Rasanya belum lama tertidur lagi, telinga Keken yang sedang malas mendengarkan apa-apa jadi terjaga saat sayup-sayup ada suara yang memanggil namanya. Rasanya suara itu dari balik pintu.
"Hooii...Ken, kamu masih hidup atau sudah mati..?!!".
Busyet, itu bertanya atau mengajak berkelahi. Sekarang kepala Keken sudah ada dibawah bantal. Mendadak dia ingin pindah ke puncak Himalaya saja. Supaya tidak ada yang mengganggu tidurnya lagi.
"Keken, buka pintunya dong. Cepetan. Mau ambil gitarku nih. Ada latihan folk hari ini. Bisa terlambat nanti!". Lalu ada ketukkan berulang-ulang pada pintu. Diketuk atau digedor ya? Suaranya keras sekali. Cukup untuk membuat Keken jadi terloncat dari tempat tidur.
Saat membuka pintu, terlihat Anis berdiri sambil merengut. Langsung menerobos masuk. Ambil gitar yang tersandar di samping lemari. Lalu memandangi Keken yang masih mengucek-ucek mata.
"Tadi malam sampai jam berapa chatting sama si ceking? Ini sudah hampir jam 10. Katanya mau ngantar paket ke kantor pos", Anis mulai ngomel.
"Kantor pos?
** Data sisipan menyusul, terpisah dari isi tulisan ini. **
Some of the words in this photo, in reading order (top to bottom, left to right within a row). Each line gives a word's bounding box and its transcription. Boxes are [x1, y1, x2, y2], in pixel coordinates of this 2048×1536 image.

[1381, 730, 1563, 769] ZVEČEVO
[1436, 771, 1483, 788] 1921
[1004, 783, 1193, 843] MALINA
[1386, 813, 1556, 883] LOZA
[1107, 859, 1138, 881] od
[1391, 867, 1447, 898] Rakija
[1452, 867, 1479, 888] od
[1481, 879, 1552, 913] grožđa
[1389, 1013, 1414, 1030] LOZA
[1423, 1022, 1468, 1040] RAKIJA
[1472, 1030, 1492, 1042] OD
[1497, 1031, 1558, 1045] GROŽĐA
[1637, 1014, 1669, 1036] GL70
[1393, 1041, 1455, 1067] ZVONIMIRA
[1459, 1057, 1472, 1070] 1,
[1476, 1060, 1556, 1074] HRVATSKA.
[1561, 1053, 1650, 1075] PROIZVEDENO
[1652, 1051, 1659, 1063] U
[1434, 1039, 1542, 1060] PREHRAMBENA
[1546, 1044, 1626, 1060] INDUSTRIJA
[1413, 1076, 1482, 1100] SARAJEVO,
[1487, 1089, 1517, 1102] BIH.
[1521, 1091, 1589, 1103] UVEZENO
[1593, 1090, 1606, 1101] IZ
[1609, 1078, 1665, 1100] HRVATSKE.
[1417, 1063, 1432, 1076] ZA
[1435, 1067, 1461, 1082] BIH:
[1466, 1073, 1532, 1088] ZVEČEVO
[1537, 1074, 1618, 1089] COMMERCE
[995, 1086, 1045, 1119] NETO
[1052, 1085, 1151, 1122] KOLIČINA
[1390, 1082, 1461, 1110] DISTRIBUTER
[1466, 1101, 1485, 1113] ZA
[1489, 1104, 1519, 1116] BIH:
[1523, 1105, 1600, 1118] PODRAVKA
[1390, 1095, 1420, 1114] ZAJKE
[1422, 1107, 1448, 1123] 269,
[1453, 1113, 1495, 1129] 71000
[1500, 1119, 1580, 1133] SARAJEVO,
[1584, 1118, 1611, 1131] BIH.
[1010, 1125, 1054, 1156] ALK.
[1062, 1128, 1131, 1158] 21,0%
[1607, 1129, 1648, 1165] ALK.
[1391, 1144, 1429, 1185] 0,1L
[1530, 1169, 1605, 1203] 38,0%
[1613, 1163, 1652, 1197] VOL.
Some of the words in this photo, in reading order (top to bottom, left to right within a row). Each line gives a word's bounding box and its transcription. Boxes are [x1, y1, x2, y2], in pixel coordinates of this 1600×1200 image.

Ya ampun! Pantas aja jam beker itu teriak-teriak", Keken langsung ambil handuk dan perlengkapan mandinya. Langsung terbang ke kamar mandi.
"Dasar cewek geblek". Sambil geleng-geleng kepala Anis segera meninggalkan kamar yang selalu berantakan itu.
======
"Tong, cepat jemput aku. Udah siap nih", seperti biasa, Keken suka memberikan instruksi pada pacarnya itu melalui ponsel. "Aku udah siap dari tadi. Sampai bosan nunggu kamu!". Lho.., itu teriakan si ceking. Rasanya suara itu dari ruang tamu, bukan dari ponsel.
Dengan terburu-buru Keken mengambil paket yang sudah disiapkannya kemarin malam dan segera berlari ke ruang tamu. Disitu memang sudah ada si Otong yang lagi nonton tv sambil cemberut.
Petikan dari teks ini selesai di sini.